Выбрать главу

Подошел к сбитой из тонких жердочек изгороди, отделявшей огород от двора, и, разомлев от весенних запахов, примостился на низеньком дощатом перелазе.

Взгляд его побежал вниз, вдоль огорода, к речке, обнял широкую долину, полетел за реку, вверх - и просторный, вечно прекрасный неоглядный и изменчивый мир раскрылся перед его зачарованными глазами.

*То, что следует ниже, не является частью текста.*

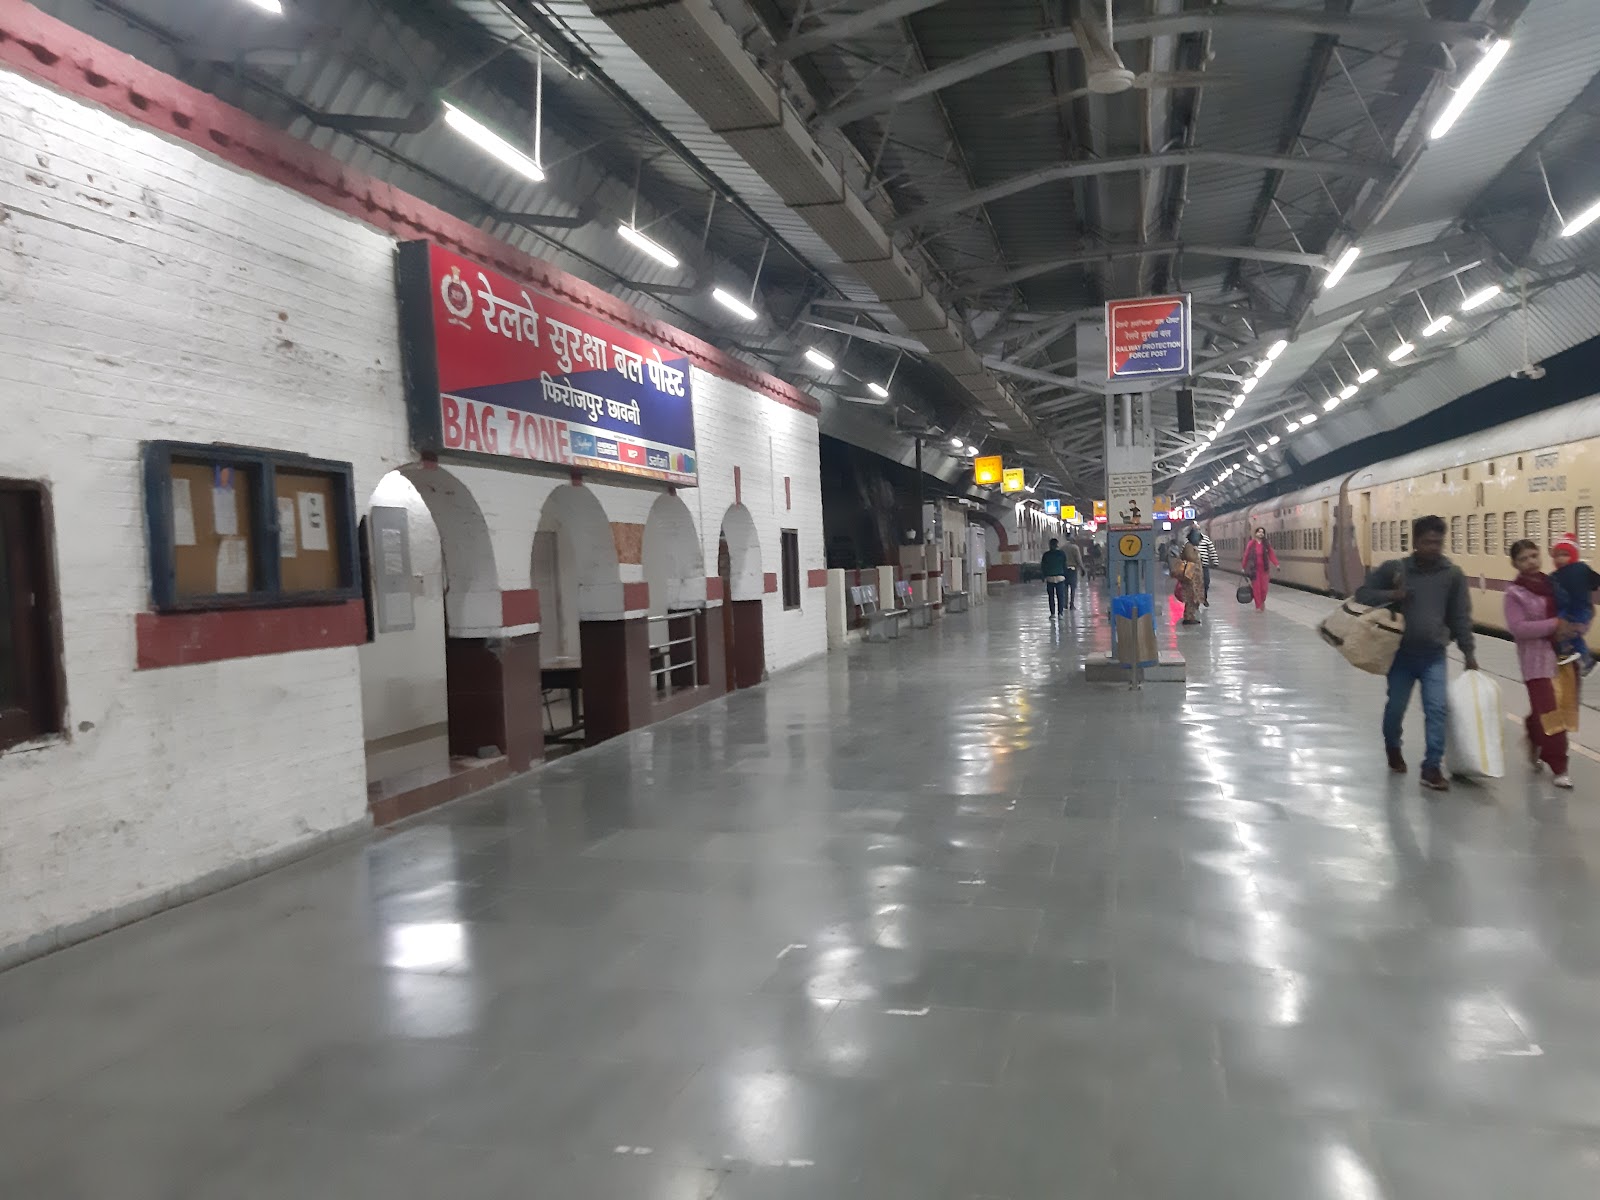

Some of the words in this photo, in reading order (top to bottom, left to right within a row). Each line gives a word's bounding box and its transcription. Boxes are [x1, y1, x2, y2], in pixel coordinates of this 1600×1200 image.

Разделенные светло-зелеными полосками рвов, бархатисто-темными лентами сбегали к речке огороды. Такие же огороды поднимались вверх, туда, где вилась и исчезала за переездом мостовая. За серыми крышами домиков, четко вырисовываясь на густой синеве неба, белела стена элеватора, вздымалась круглая станционная водокачка.

Внизу, в широкой долине, меж зелено-синих, ярко-зеленых и светло-лимонных куп распустившихся раскидистых верб, ивняка и густой лозы, извивалась, ослепительно искрилась в солнечных лучах, рябила на мелких перекатах Черная Бережанка.

А по долине, повсюду, куда только доставал взгляд, на ровных, синевато-черных грядках, на огородах белели, сверху донизу усыпанные цветами, высокие, столетние груши-дички.

Весь мир кругом кипел белой пеной цветения, звенел птичьим щебетом, полнился мелодичным пчелиным жужжанием. И так же кипело, звенело, пело в душе Максима.

Зрением, слухом, всем существом своим, словно увидев впервые, вбирал в себя парень несказанно чарующую симфонию цветов, запахов и звуков окружающего мира.

Хотелось лететь куда-то, петь, смеяться и плакать одновременно. И откуда-то из глубины души всплыла незваная, но особенно четкая, ясная мысль: "А ведь еще немного, один неудачный шаг - и всего этого прекрасного мира для меня уже не существовало бы".

Острое ощущение величия и красоты мира, радости, счастья жить на этом свете, быть неотъемлемой его частицей, сознание недолговечности, временности самой жизни щемящей сладкою болью пронизало душу хлопца.

Было тогда Максиму пятнадцать лет.

Беззаботное, безоблачное детство ушло навсегда.

Осталось где-то там, за стенами больницы, на истоптанной тяжелыми конскими копытами дорожке...

15

Осенью Максим пошел прямо в восьмой класс. За лето он отдохнул, набрался сил, занимался с учителями.

С экзаменами за седьмой класс он справился за два осенних месяца, а еще за два, как раз к зимним каникулам, догнал свой класс. Он по-прежнему много читал, учился старательно, порою просиживал над учебниками целые дни, вечера и выходные.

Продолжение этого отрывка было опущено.